Discussion in 'malware problems & news' started by MrBrian, Nov 28, 2011.
Since I refuse to disable Java as the author and some others suggest, I restrict my Java-required sites to the IE Restricted zone, slightly modified from its default settings to allow Java and ActiveX controls and Plugins, the latter of which are restricted to only what I have installed and enabled in the managed add-ons. I'm also using x64 IE with compatible x64 Java and Flash. Java permissions are disabled in the Internet zone.
Patching + EMET is all I need for something like this.
I thought the websites added in Restricted zone were forbidden to execute stuff?
And, you modified the Restricted zone to allow Java, etc? I'm scratching my head, and you're making it bleed...
The Restricted Sites Zone as the name implies, is to restrict, not to allow. If you want to allow Java, ActiveX and plugins, then you either allow them in the Internet zone or add the domains to the Trusted zone, leaving them blocked for the other zones.
Is there some logic I'm failing to understand? There's been a long time since I last used IE... so, give me some break, will ya...
Yes, the logic I use is that the Restricted zone is, as the name implies, more restrictive in other settings than the other zones, including Internet and Trusted. My logic is that although the Java is allowed, the site is restricted in those other areas that it wouldn't be in the Trusted or Internet zones. Hope this makes sense BTW, I don't place any other sites in the Restricted zone; I use it only for Java-required sites.

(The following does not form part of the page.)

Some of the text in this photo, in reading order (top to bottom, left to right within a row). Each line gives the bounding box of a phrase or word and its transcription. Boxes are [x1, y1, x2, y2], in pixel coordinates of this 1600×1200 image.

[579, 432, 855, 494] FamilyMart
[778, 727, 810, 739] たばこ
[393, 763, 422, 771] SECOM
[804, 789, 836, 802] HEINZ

Nothing wrong with that, and I agree it works fine. I just take these extra steps in an attempt to please those in this forum who are extra paranoid cautious
OK. That makes sense, considering you got no other domains there.

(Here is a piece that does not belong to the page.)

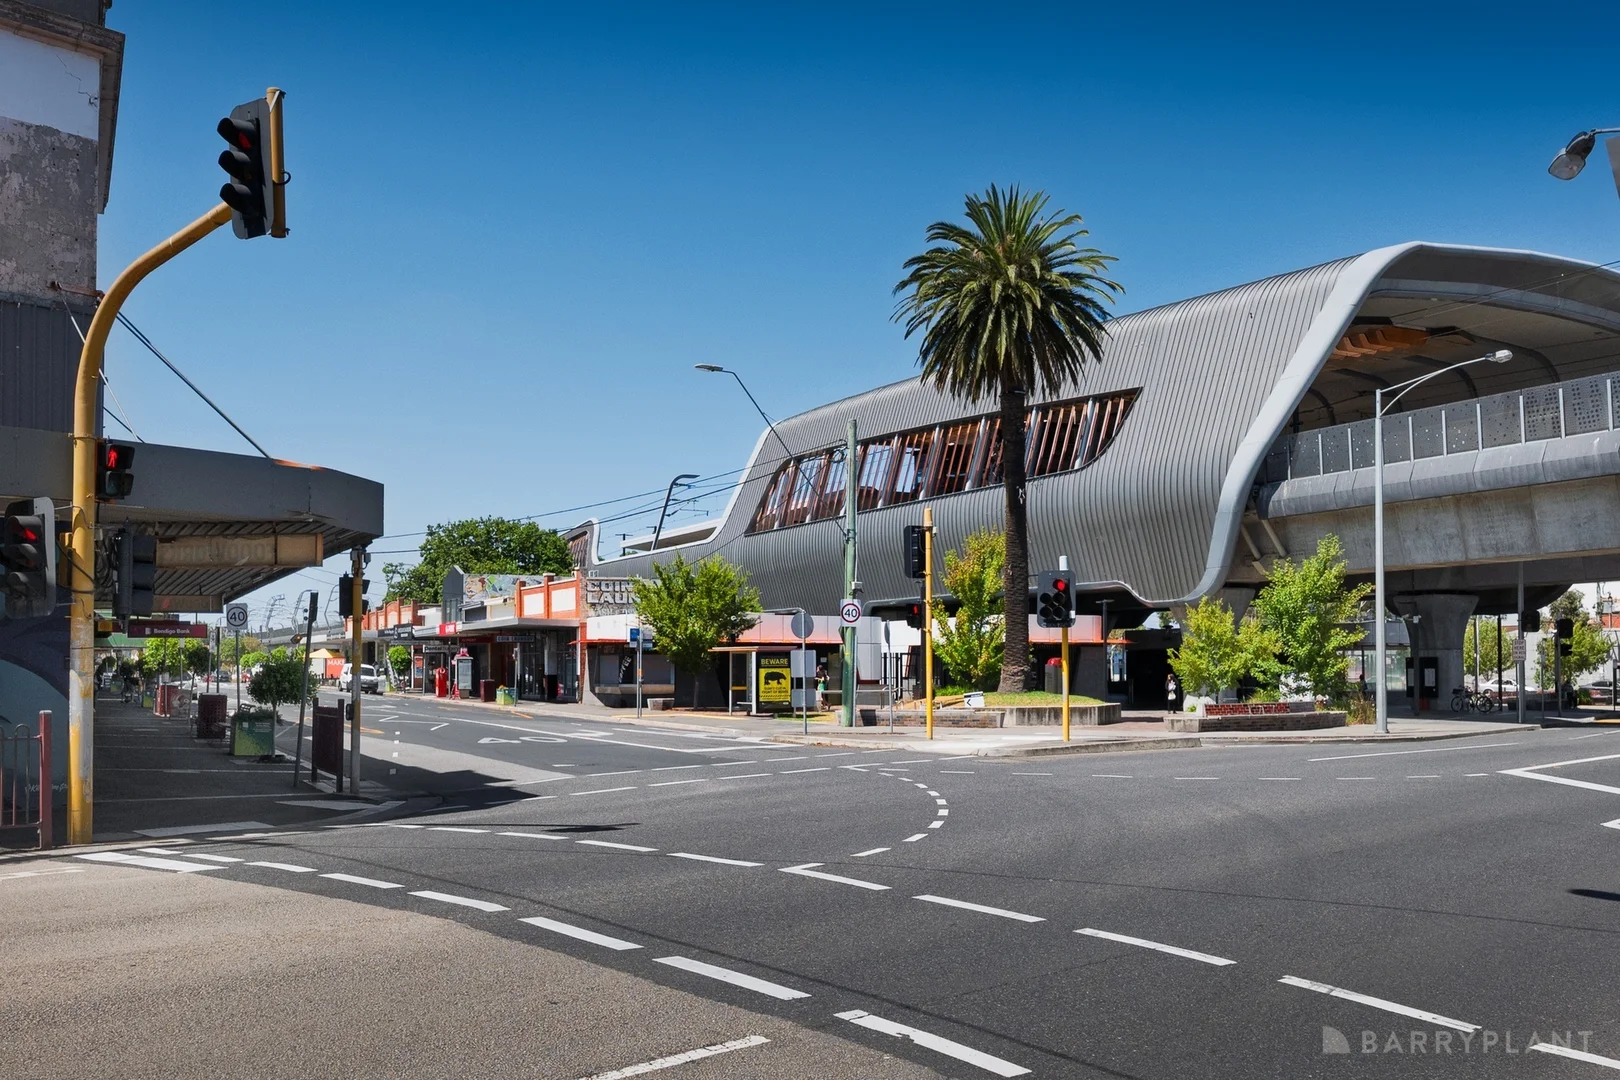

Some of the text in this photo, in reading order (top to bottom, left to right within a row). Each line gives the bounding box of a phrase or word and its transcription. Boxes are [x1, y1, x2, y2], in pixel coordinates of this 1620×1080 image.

[586, 581, 635, 592] COIN
[229, 612, 245, 622] 40
[844, 608, 858, 618] 40

Yes, the Enhanced Mitigation Experience Toolkit (EMET) HELPS prevent vulnerabilities in software from being
successfully exploited and is designed to work with any software, regardless of when it was written or by whom
it was written. However, some Software may be Incompatible with EMET due to the Risk that Some Applications rely
on exactly the behavior that the mitigations EMET blocks. SO EMET IS NOT INVINCIBLE.
The Enhanced Mitigation Experience Toolkit:
Right, that's the key. For Java-required sites I use the Sites to Zone Assignment list in Group Policy, with a value of 4 to force them to the Restricted zone. I've already got the Internet zone and other IE policy settings set quite restrctively, so this already provides good, general purpose security for everything else. Of course this is augmented by all my other "built-in" security as well, with EMET thrown into the mix
The quote you posted isn't about EMET not being effected it's about EMET not being compatible with everything. It's entirely correct.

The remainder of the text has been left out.